As I walked into the Alumni and Development office after what had seemed like years, I did not know what to expect. I had not had a proper conversation with the Puri’s after the fall of my Sophomore year when I was class governor. But here I was sitting on a wooden sofa ready to document the past few years of their life, as they were about to leave Woodstock and start a new chapter.
“I am Mr. Vijay Shankar,” Mr. Arjun Puri, the former Director of Development and homeroom head for the Class of 2021, said, and I broke into a loud laugh at this silly introduction by a person I had known for two and a half years now.
But while he made goofy comments and jokes, Mrs. Puri balanced the mood with her straightforward answer, “I am Tara Menon Puri and I am [the] Alumni Relations Coordinator as well as GAIL and Exchange Coordinator and homeroom head for Class of 2021.”

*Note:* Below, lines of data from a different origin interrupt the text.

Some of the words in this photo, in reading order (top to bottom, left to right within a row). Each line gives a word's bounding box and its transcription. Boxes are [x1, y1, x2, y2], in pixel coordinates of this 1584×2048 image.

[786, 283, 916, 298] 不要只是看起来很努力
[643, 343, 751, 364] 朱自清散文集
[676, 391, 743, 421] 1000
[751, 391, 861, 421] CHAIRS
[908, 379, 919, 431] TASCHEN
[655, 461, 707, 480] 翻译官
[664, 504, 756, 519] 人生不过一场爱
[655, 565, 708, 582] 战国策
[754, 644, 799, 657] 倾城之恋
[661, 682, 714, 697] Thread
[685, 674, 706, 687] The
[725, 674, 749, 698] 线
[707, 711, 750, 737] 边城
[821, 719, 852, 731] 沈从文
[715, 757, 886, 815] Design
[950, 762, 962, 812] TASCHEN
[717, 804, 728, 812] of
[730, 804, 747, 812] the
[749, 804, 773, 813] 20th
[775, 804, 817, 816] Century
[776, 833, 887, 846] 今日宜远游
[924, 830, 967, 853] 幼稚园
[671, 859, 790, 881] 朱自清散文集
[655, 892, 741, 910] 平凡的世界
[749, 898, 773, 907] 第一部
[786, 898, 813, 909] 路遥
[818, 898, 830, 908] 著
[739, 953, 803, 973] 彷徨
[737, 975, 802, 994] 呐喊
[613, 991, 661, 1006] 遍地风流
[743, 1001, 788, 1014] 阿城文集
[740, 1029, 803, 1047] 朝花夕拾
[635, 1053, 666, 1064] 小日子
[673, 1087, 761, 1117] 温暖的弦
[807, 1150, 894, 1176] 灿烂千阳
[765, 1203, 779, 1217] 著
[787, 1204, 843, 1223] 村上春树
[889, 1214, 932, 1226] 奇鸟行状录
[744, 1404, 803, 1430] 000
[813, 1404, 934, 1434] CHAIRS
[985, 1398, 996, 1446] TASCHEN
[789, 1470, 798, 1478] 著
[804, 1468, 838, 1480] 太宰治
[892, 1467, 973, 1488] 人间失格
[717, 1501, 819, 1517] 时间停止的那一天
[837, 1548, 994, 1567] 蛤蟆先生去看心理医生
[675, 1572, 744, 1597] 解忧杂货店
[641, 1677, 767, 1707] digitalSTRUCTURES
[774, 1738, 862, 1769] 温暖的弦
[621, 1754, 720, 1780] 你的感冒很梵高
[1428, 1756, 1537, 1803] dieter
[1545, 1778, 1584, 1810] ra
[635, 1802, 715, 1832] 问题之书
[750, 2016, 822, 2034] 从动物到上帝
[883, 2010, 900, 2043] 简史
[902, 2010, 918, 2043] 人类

I could not help but think, these titles are only a few days away from being transferred down to new representatives.
And before I could even ask them my first question, the strong smell from Mrs. Puri’s lunch seemed to have caught Mr. Puri’s attention.
“It’s just Dal and Sabji,” Mrs. Puri said, a little annoyed at him.
“Oh, it smells nice!” he said. She was not pleased.
When Mrs. Tara Menon Puri became the Class of 2021’s homeroom head roughly two years ago, she was someone they all secretly feared.
While she walked into homerooms and lectured them about behavior issues within the grade, they walked out with hanging faces, seriously concerned about what they had gotten themselves into. But little did they know that saying goodbye to this very person would be harder than they could have imagined at the time.
Mrs. Puri joined the school four years ago. When she accepted the job, she was on a break after resigning from her previous job in Dubai. She was also excited to be living with her mother, who worked here at the time.
Mr. Puri had a very different start.
He first visited the school as a guest at the Center for Imagination in 2018. While he was here, he interacted with many students and, more importantly, met his future wife. The two of them got to know each other through a series of mutual friends, and evidently, they hit it off. The school offered Mr. Puri a permanent job and he accepted it. Soon after this, Mr. and Mrs. Puri started dating and eventually got married right here in Mussoorie.
Working together in the same department was not always easy for them. There were times when they felt that working together was a little complicated, but they still enjoyed it.
“We respected each other and the time one needs to give at work,” Mr. Puri said.
But in order to give each other space, they have decided to take jobs in different departments as they join a school affiliated with the Aga Khan Foundation in Hyderabad.
“We are moving ahead with so much positivity, excitement, love, and a lot of sadness as well, and we continue to shed tears,” Mr. Puri said.
As they prepared to hand over their positions, they emphasized that office work was well documented so the person who takes over does not struggle to fit into the role. But they could hardly imagine someone else as the homeroom head.
However, as they decided to set aside their emotions, they realized that although there might not be a specific tag for the relationship they have built with the students, it is always going to be alive.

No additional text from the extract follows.